La Basílica, desde la distancia.
   El primer lugar al que me llevaron el lunes en la noche fue al centro histórico de la ciudad, donde conocí la imponente Basílica y La Ronda, un sitio que me pareció encantador por la mezcla entre lo colonial y lo moderno de los establecimientos de comida que hacen vida allí. Estábamos con unos amigos de la universidad de los primos de Patty, y recuerdo que entramos a uno de los sitios que nos ofrecían amablemente bebidas, comida y buena música. Estaba fascinada con el lugar, y me dije que regresaría más adelante, aunque tuviera que hacerlo sola. La mezcla del frío de afuera y el calorcito propio del local, fue propicio para que pidiera una empanada de viento, intrigada por el nombre y por lo que me traerían. Me dijeron que era una empanada grande (aquí la empanada es lo que para nosotros son los pastelitos) rellena de queso y con azúcar espolvoreada sobre la superficie de ésta, descripción que se ajustó perfectamente a lo que me llevaron. Estaba realmente muy rica. Y para beber me recomendaron pedir un canelazo, cosa que hice con la idea de que era una bebida láctea caliente, con chocolate y canela. Amarga fue mi sorpresa cuando me sirven esa bebida, espesa, sí, pero con ningún aspecto de tener algo lácteo, y con un sabor muy intenso a una fruta que no podía distinguir cuál era, más el sabor a alcohol. Me la tomé toda con mucho trabajo, y lamentándome durante todas las rondas de cerveza que los chicos pidieron, no haber pedido yo cervezas también, en lugar de dármelas de la más curiosa e interesada por probar cosas nuevas. 
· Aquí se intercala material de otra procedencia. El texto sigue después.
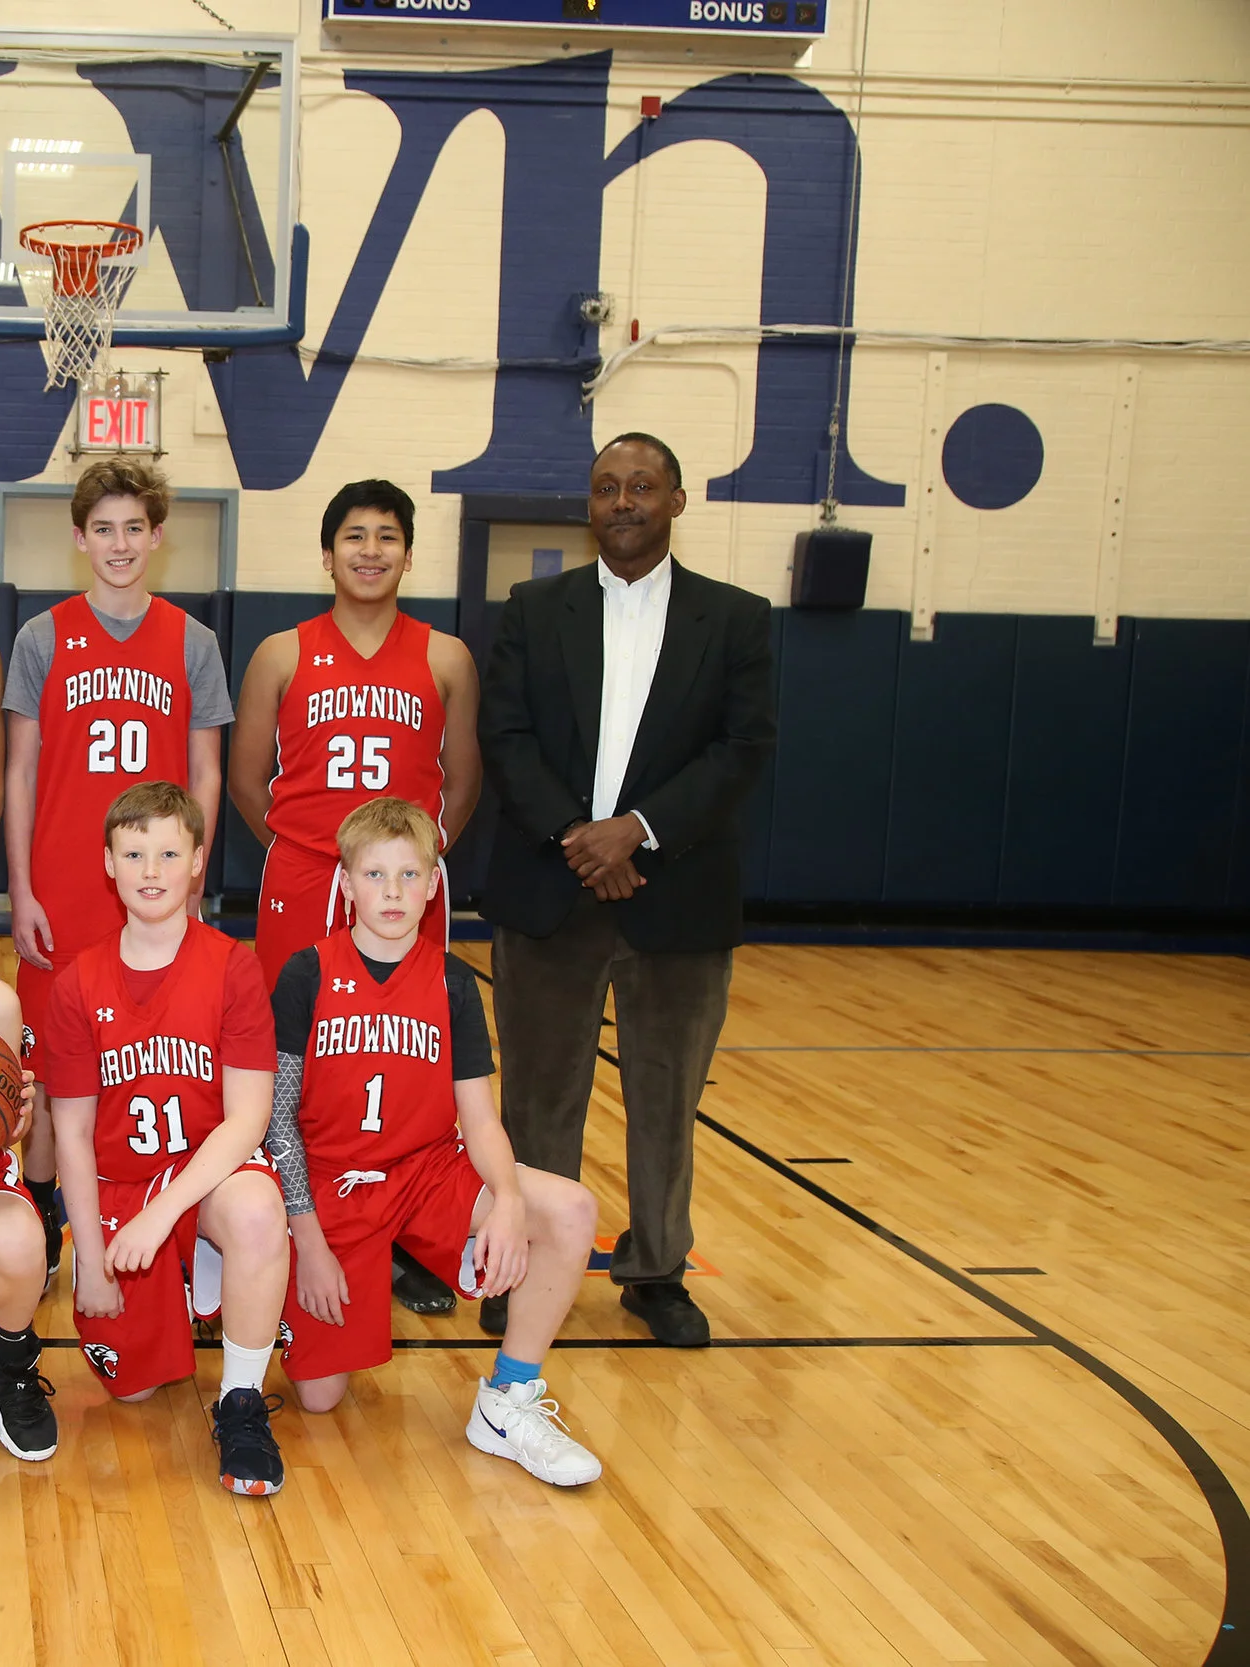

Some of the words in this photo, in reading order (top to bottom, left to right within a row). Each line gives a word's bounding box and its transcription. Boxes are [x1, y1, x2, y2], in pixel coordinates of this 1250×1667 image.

[689, 1, 764, 23] BONUS
[88, 399, 149, 445] EXIT
[64, 665, 174, 717] BROWNING
[306, 684, 424, 732] BROWNING
[87, 718, 150, 774] 20
[326, 734, 392, 791] 25
[314, 1013, 441, 1065] BROWNING
[127, 1095, 190, 1156] 31
[359, 1073, 384, 1133] 1
     El martes fue un día tranquilo de quedarnos en la casa jugando stop, y nuevamente, como me sucedió con el tema de los verdes, empecé a medir la distancia que había marcado con mi país al encontrarme con el hecho de que aquí no llaman a las cosas igual que en Venezuela. Por ejemplo, ese juego, que para nosotros es Stop, aquí en Ecuador se le conoce como Chantón. Otra cosa fue que cuando estábamos haciendo un recuento de las palabras por categoría al terminar una ronda, yo mencioné en el apartado de frutas por la P, la parchita, y se me quedaron viendo raro, no tenían la más remota idea de qué era eso. Recordé entonces que en otros lugares de Latinoamérica nuestra parchita se llama maracuyá, y eso sí conocían. Entonces comprendí que iba a tener que ir adaptándome a la forma en que acá hablan para darme a entender. Si iba por la calle buscando un jugo de parchita, jamás iba a encontrarlo, porque acá la parchita no existe, al menos no el nombre, aunque sí la fruta. 
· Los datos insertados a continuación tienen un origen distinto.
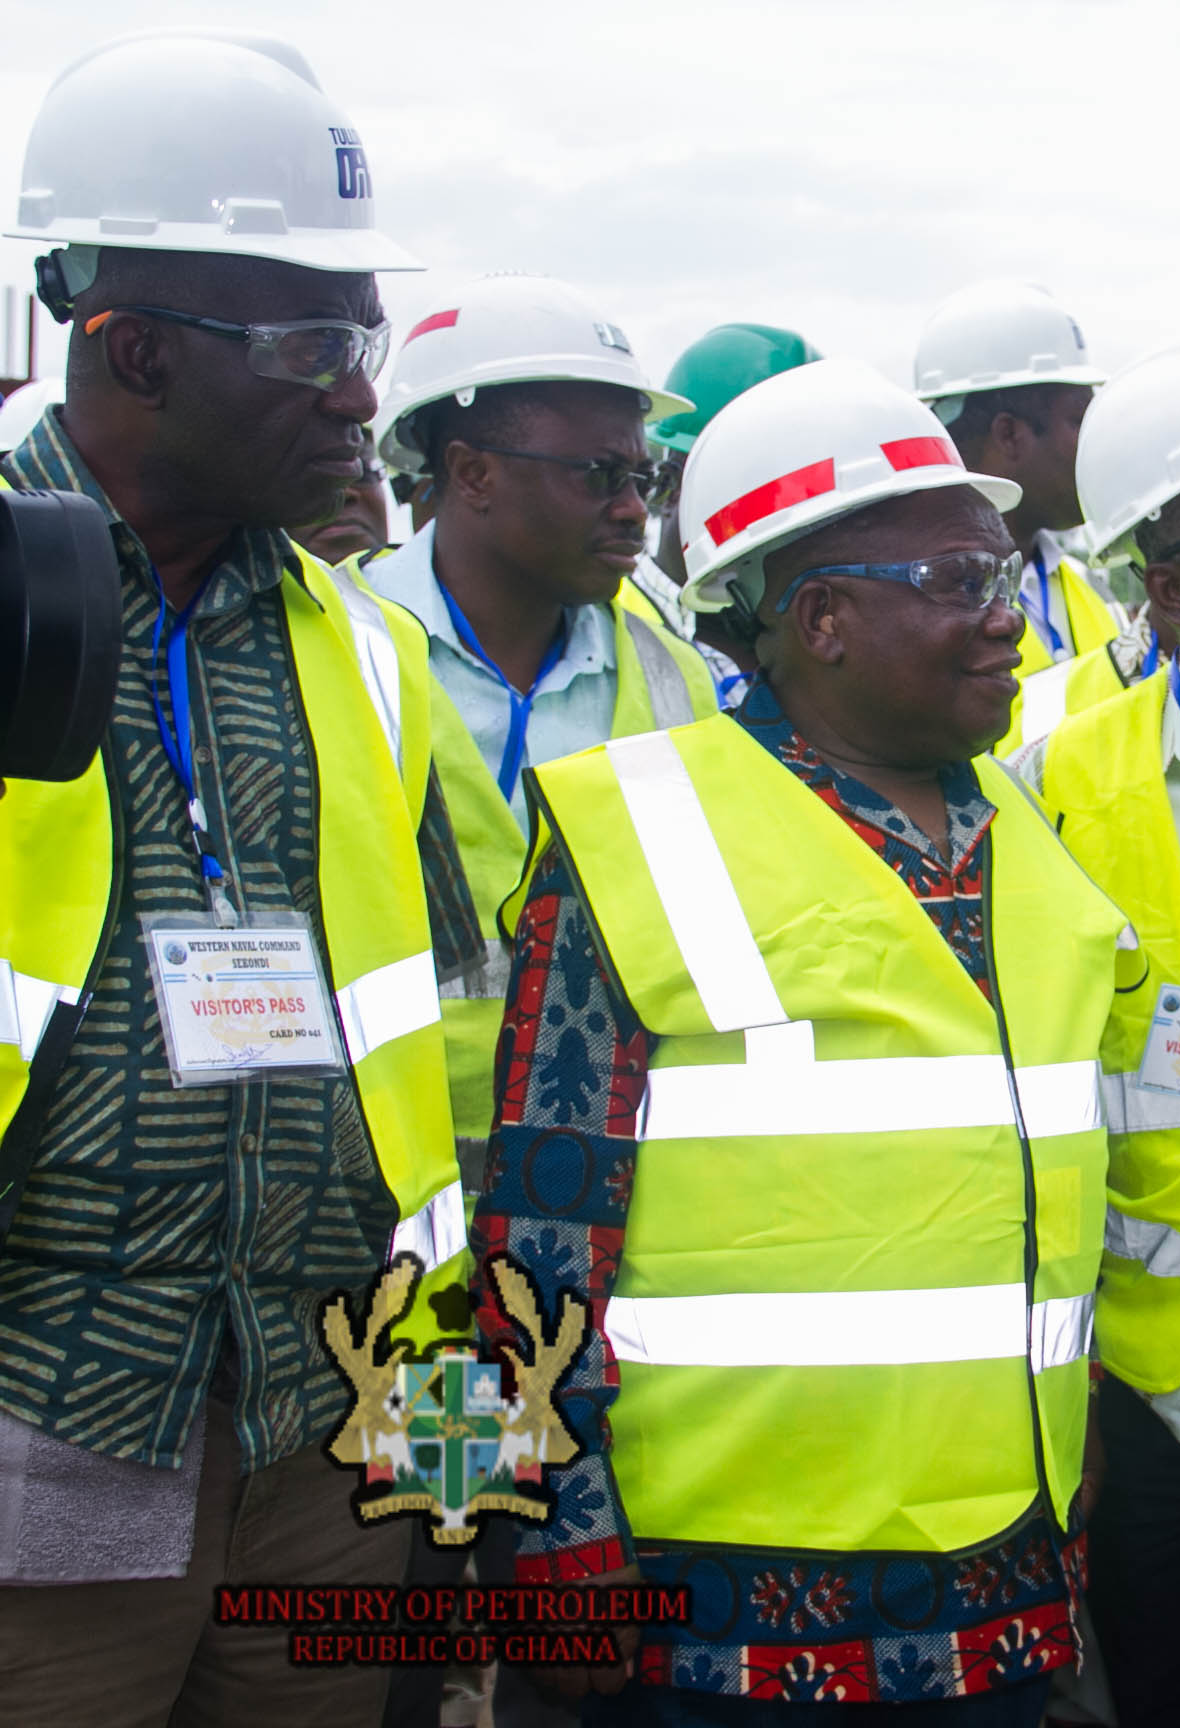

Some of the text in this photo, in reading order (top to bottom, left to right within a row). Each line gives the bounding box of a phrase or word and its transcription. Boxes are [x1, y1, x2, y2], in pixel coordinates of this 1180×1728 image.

[188, 940, 301, 952] WESTERN NAVAL COMMAND
[232, 958, 270, 969] SEKONDI
[191, 997, 305, 1017] VISITOR'S PASS
[270, 1029, 293, 1038] CARD
[295, 1029, 307, 1038] NO
Otra de las estructuras del centro histórico de Quito.
    El miércoles fue día de paseo por las discotecas, y con ese propósito me llevaron a una zona que se llama la Plaza Foch o zona rosa. Entramos a una de esas discotecas y ahí más que bailar, lo que hice fue tomar y hablar con algunos de los chicos presentes. Te confieso que me sentía un poco fuera de lugar en medio de tantos universitarios, y el hecho de que fuera venezolana era todo un motivo de novedad y de mil preguntas acerca del país. Siempre con la curiosidad de saber si la situación en Venezuela era tan grave como la describían los medios de comunicación, o era una exageración. Y ser el centro de atención se sentía bien, de modo que me convertí en un experta en hablar de este tema, pues mucho me lo preguntaban y yo tenía la realidad latente, muy fresca, de lo que se vivía en Venezuela. Ya hoy no puedo decir lo mismo, tengo casi dos años acá y la realidad del país me es casi tan desconocida como lo es a un nativo de Ecuador. 
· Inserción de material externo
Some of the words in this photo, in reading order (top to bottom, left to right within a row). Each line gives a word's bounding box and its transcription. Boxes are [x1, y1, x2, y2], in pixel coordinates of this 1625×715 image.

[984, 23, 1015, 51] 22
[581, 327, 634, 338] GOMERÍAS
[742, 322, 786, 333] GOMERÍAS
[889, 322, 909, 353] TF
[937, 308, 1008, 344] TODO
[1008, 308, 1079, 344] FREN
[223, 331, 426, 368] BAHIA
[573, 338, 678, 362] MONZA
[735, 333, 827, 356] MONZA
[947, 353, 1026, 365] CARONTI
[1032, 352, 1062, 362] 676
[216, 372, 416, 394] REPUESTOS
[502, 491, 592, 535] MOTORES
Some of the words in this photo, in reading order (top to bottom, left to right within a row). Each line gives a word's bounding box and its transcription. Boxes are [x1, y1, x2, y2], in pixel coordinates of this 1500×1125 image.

    El jueves fue el día en que partí de regreso a Guayaquil, pero en la mañana temprano me llevaron a conocer la Mitad del Mundo tal como había pedido. Fue una experiencia hermosa, especialmente porque la viví sola. Los primos de Patty y la propia Patty, aburridos de tanto ir, me dejaron ahí para que hiciera mi visita sola y coordinamos encontrarnos una hora y media después. De manera que pude recorrerme el sitio a mis anchas, sintiéndome más viva que siempre y feliz de haber cumplido un deseo que tenía desde que llegué al país. También me llevaron al mirador del volcán Pululahua, el único volcán habitado en el mundo (y sí, Nun pegó el grito al cielo cuando supo que estuve por ahí, y más aún al saber que exista un volcán donde viva gente). De regreso a la ciudad (porque la Mitad del Mundo queda en las afueras de Quito), me dijeron que no podía irme sin probar un tradicional plato de la zona: hornado de chancho, una absoluta delicia a base de cerdo preparado al horno, acompañado de lo que es común en Quito: el mote 
    De esa manera, y tras pasear un poco más por la ciudad en el día, llegamos a la casa de los familiares de Patty, y ella me dijo del cambio de planes pues tenía que retornar de urgencia a Portoviejo, donde su madre la esperaba. Así las cosas, el viaje para Oriente no iba a poder darse, y entonces yo me regresaría a Guayaquil esa noche, porque a la mañana siguiente Patty haría lo mismo para su ciudad. 

No obstante, Quito me dejó un gusto en la boca, un sabor a más.